At Interim Art, Tillmans' photographs appear in a variety of sizes and media, from ordinary snapshots to large laser prints on stretched linen. Some photographs are positioned on the floor, one hangs from under the stairs, a few remain in isolation while others overlap to create a visual clutter on the wall. In amongst all of this, pages from i-D magazine are pinned up as a direct reminder of Tillmans' work as a fashion photographer. The overall effect is not so much one of total overload as visual Tourette's; the pictures are blurted out in quick succession.
Not all the work in this show has been carried out or magazines. Other work includes a photograph of the sea; a newsagent's rack with Spex magazine at the centre (featuring a Tillmans cover); a picture taken from a plane; a Japanese TV reporter in a meat market; an installation shot from a previous Tillmans show, and people stopping at Tiffany's. These photographs are hung amid the fashion work, and ultimately, share the same vocabulary. Tillmans' lens levels everything, from a man giving a blow-job in a German nightclub to a picture of a school orchestra.

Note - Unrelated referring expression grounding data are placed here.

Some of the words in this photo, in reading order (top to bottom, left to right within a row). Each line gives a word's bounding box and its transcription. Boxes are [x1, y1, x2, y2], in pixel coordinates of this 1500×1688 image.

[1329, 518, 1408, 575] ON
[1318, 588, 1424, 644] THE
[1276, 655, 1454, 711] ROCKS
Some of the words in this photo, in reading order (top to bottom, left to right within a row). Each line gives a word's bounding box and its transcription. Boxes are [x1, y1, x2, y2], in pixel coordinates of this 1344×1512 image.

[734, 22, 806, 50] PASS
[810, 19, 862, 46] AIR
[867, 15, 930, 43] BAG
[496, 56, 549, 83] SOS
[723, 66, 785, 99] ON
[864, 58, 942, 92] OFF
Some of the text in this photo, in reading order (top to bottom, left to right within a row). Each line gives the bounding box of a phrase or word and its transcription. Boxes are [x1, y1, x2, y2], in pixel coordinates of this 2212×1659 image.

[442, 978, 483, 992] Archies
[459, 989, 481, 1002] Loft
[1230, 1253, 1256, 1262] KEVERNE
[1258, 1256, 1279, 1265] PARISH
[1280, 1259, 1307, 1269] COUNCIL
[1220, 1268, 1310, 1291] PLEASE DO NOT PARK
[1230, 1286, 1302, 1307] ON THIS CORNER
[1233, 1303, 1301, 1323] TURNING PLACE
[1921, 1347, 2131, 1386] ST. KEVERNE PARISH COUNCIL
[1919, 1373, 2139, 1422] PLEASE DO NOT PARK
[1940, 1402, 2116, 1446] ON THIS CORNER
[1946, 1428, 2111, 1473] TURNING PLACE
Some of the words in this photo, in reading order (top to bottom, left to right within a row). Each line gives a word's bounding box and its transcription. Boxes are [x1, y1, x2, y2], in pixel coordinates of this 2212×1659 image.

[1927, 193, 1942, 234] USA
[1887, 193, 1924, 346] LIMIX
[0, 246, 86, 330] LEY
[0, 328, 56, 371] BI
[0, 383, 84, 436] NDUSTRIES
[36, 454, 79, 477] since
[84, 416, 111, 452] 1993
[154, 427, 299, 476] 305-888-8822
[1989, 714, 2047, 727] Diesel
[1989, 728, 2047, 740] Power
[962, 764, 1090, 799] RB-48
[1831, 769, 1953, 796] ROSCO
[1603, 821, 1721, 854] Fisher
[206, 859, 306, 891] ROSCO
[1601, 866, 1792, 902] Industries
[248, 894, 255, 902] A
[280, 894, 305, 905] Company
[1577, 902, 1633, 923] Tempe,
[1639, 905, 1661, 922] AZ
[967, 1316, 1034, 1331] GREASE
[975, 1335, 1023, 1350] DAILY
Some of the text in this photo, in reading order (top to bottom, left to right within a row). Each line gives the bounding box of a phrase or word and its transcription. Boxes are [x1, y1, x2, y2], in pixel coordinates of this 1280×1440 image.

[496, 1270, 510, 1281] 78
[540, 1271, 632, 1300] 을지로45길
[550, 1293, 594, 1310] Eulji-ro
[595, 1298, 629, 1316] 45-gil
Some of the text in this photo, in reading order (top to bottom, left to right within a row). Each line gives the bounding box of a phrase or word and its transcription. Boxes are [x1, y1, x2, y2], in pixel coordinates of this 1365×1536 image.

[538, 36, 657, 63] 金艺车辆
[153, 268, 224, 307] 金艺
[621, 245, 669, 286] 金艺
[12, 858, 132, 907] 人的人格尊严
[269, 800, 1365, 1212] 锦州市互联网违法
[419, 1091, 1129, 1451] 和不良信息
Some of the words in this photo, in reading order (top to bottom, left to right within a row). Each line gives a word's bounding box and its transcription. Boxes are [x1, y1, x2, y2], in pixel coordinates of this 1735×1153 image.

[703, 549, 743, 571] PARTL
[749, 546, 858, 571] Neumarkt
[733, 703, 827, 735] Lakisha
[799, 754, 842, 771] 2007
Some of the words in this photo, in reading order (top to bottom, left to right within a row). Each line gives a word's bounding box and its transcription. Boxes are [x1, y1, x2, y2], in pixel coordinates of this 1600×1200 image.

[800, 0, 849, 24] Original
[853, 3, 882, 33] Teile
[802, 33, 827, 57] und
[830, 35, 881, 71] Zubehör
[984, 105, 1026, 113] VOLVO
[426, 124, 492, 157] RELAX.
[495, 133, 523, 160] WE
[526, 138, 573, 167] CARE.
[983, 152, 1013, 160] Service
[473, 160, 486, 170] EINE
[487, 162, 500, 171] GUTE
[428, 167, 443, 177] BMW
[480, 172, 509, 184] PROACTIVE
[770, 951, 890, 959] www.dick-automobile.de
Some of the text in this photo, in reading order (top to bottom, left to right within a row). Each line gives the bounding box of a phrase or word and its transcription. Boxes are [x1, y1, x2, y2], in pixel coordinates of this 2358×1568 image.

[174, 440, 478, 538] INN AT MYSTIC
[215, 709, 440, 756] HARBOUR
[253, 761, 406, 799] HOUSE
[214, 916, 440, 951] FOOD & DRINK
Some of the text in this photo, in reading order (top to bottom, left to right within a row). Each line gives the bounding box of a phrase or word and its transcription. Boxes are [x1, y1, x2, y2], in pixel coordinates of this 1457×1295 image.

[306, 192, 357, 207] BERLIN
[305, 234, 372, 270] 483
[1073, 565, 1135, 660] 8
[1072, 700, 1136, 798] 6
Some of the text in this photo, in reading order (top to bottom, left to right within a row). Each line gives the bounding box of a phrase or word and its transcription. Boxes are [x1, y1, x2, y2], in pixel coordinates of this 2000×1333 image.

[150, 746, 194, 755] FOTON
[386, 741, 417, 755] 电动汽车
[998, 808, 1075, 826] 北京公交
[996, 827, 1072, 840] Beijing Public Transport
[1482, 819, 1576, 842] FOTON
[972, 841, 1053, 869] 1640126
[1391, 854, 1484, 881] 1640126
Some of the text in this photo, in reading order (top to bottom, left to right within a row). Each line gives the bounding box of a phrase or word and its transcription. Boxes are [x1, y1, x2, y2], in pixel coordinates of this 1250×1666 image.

The blur that Tillmans creates between fashion photography and art is not as unfocused as it may first appear. His work has clear precedents in both worlds. The snapshot feel created by Corinne Day, David Sims and Juergen Teller for magazines is related to such gallery work as Jack Pierson's documentary of gay banality, Sarah Lucas mug (of tea) shots and Nan Goldin's 'emotional connection' with her subjects. What makes Tillmans unique is his subject matter: the documentation of the collateral damage of fashion. In one Weegee-type photograph, a group of ravers are revealed by flash bulb, crashed out on the floor in the back of a club. Another shows a boy and a girl soaked in sweat, taking a break from a bout of Techno hysteria. The boy stares out with dark pools for eyes, piercing the world beyond the camera. Add to this a picture of a dancer with what looks like blood running down his bare chest and an empty car park near a motorway, (the meaningless space that punctuates the journey from one rave to another), and this is a world of fashion disasters. Tillmans has found fertile ground in the vacant space surrounding a groovy lifestyle and the post-E dead zone.